All records below must be written out exactly, with the pictures excluded.

Stored dataset items —
###

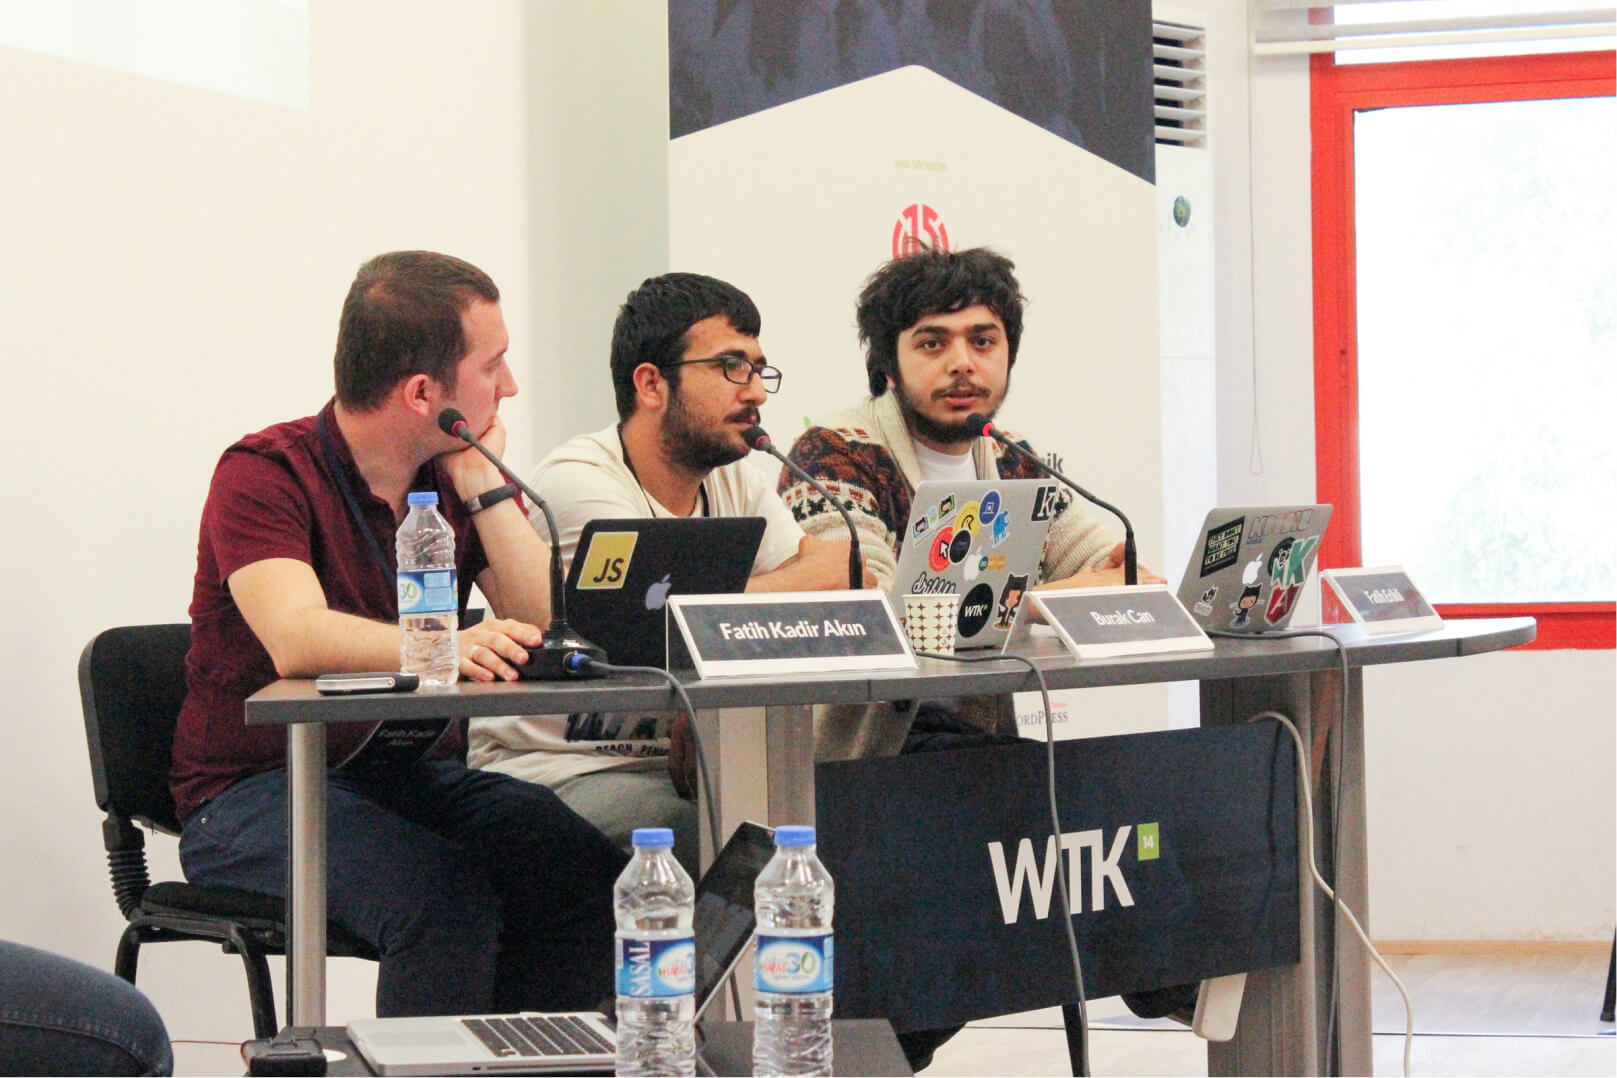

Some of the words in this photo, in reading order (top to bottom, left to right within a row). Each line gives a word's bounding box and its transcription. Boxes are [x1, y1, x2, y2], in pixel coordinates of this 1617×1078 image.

[593, 557, 625, 583] JS
[964, 604, 984, 617] WTK
[1090, 610, 1129, 627] Burak
[1127, 609, 1155, 624] Can
[719, 621, 770, 641] Fatih
[771, 619, 819, 639] Kadir
[987, 825, 1136, 925] WTK
[1142, 834, 1154, 850] 14
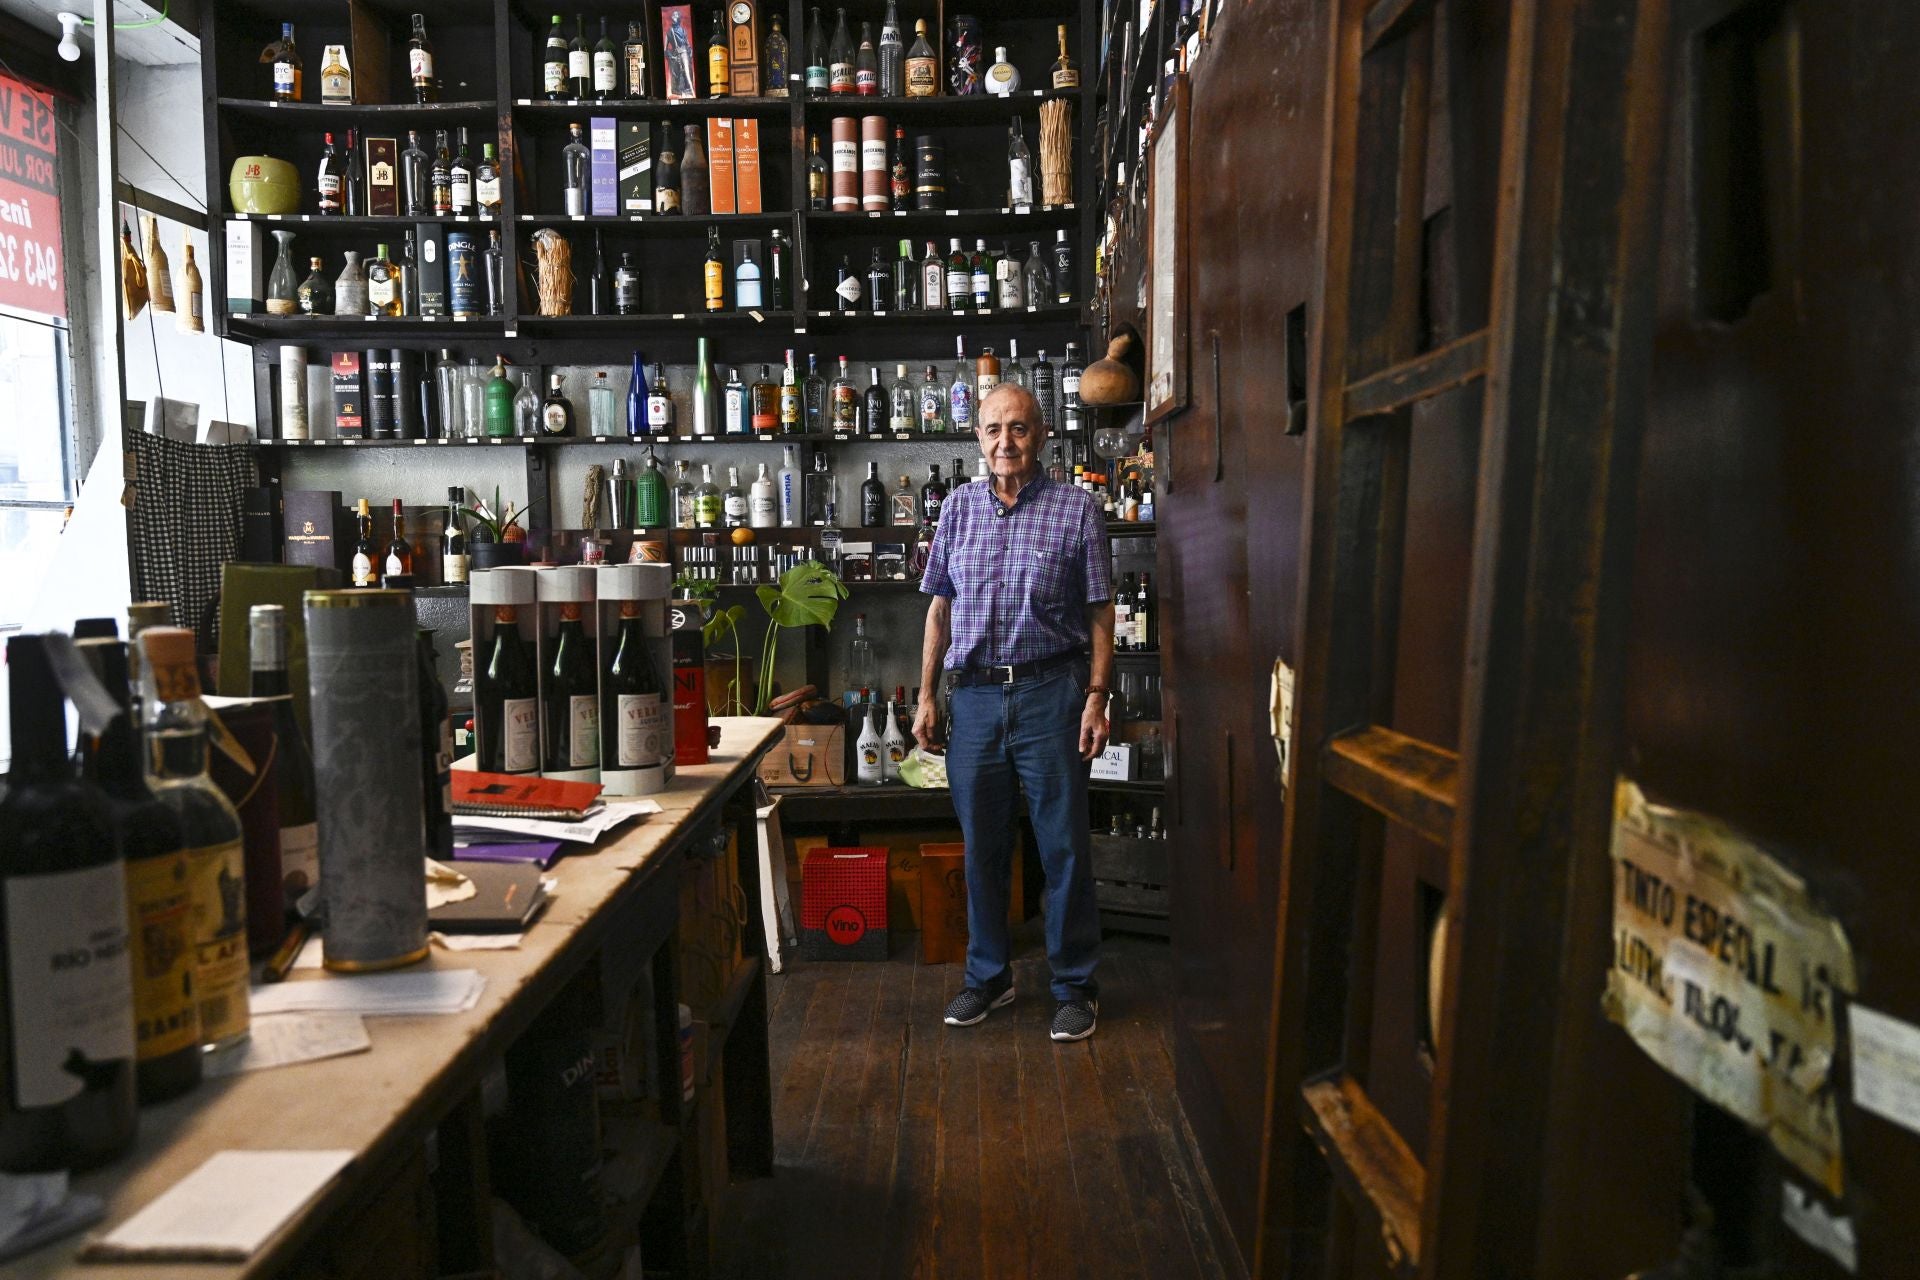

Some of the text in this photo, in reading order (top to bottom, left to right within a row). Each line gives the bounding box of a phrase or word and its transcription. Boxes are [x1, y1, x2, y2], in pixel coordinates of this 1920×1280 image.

[246, 165, 261, 176] J&B
[376, 170, 391, 181] J&B
[447, 241, 477, 253] DINGLE
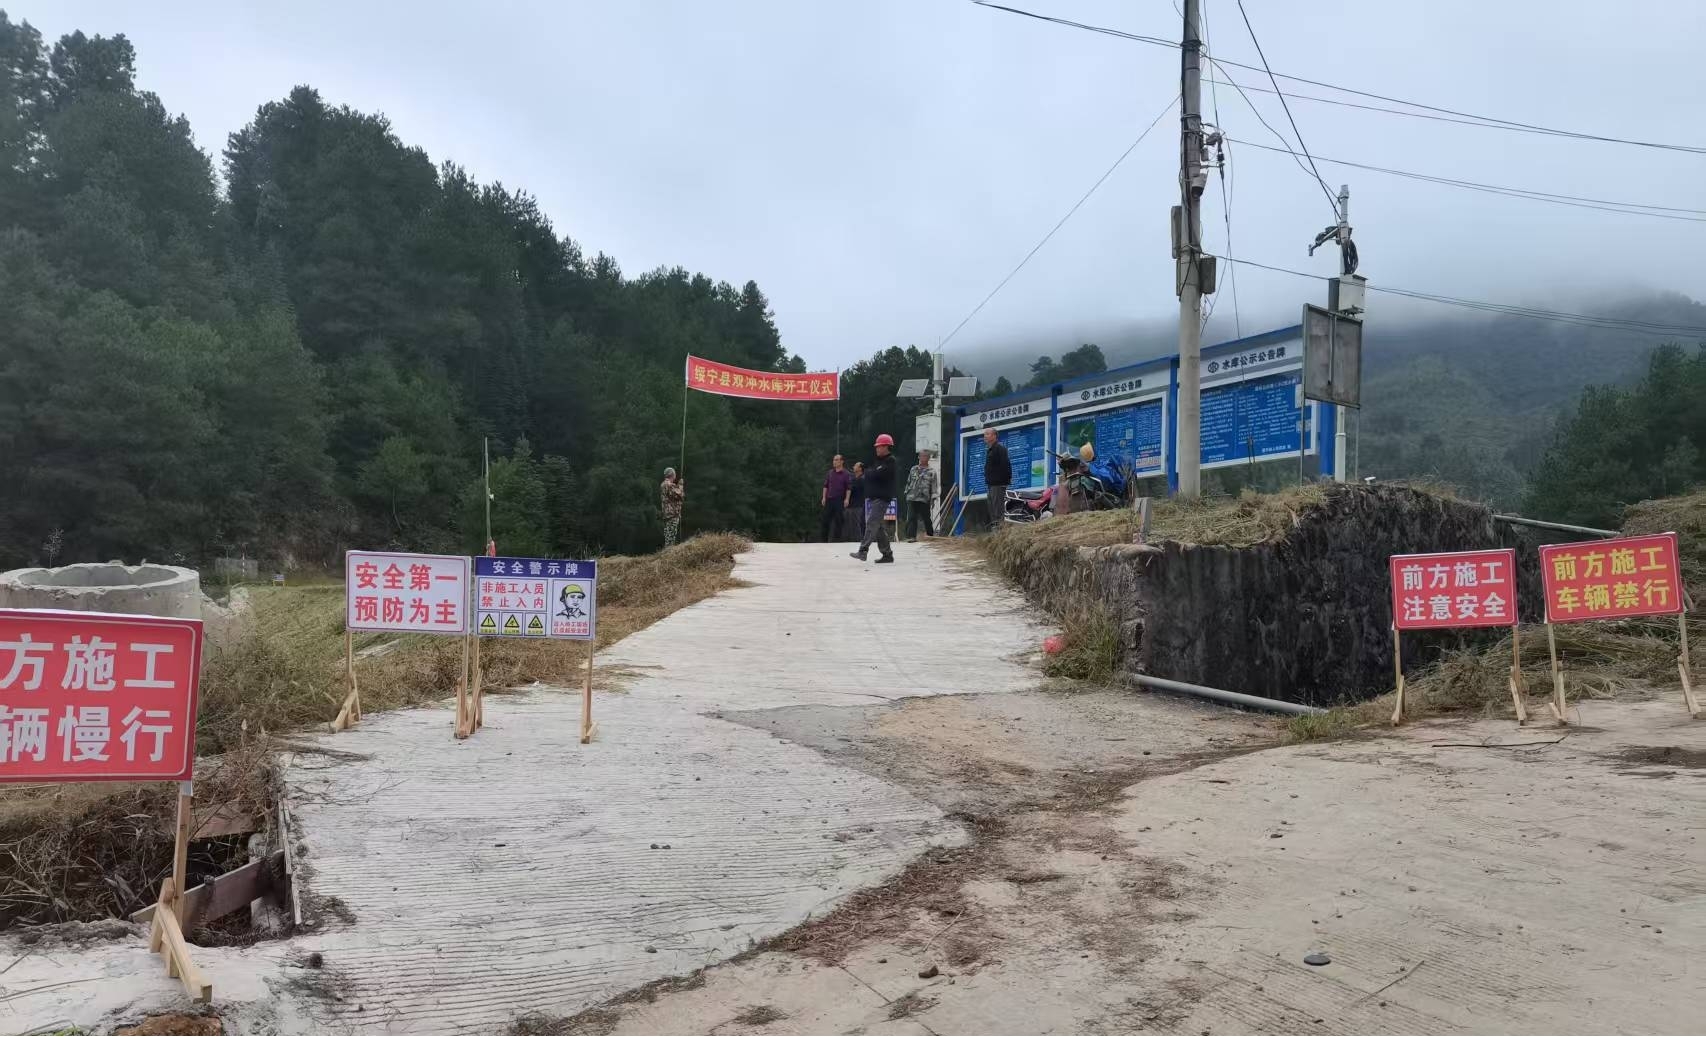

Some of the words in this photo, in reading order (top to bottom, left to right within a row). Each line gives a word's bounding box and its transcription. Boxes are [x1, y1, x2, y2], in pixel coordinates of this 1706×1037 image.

###

Solution to this task —
Some of the words in this photo, in reading order (top to bottom, left to right within a row). Each line gives a word's bounding box and its transcription. Boxes are [x1, y1, x2, y2], in pixel coordinates of this 1617×1078 image.

[593, 557, 625, 583] JS
[964, 604, 984, 617] WTK
[1090, 610, 1129, 627] Burak
[1127, 609, 1155, 624] Can
[719, 621, 770, 641] Fatih
[771, 619, 819, 639] Kadir
[987, 825, 1136, 925] WTK
[1142, 834, 1154, 850] 14

Some of the text in this photo, in reading order (top to bottom, left to right within a row). Each line gives the bounding box of a phrase or word and its transcription. Boxes are [x1, y1, x2, y2], in pixel coordinates of this 1920×1280 image.

[246, 165, 261, 176] J&B
[376, 170, 391, 181] J&B
[447, 241, 477, 253] DINGLE

Some of the words in this photo, in reading order (top to bottom, left to right within a row). Each line gives a word's bounding box and its transcription. Boxes are [x1, y1, x2, y2], in pixel coordinates of this 1706×1037 image.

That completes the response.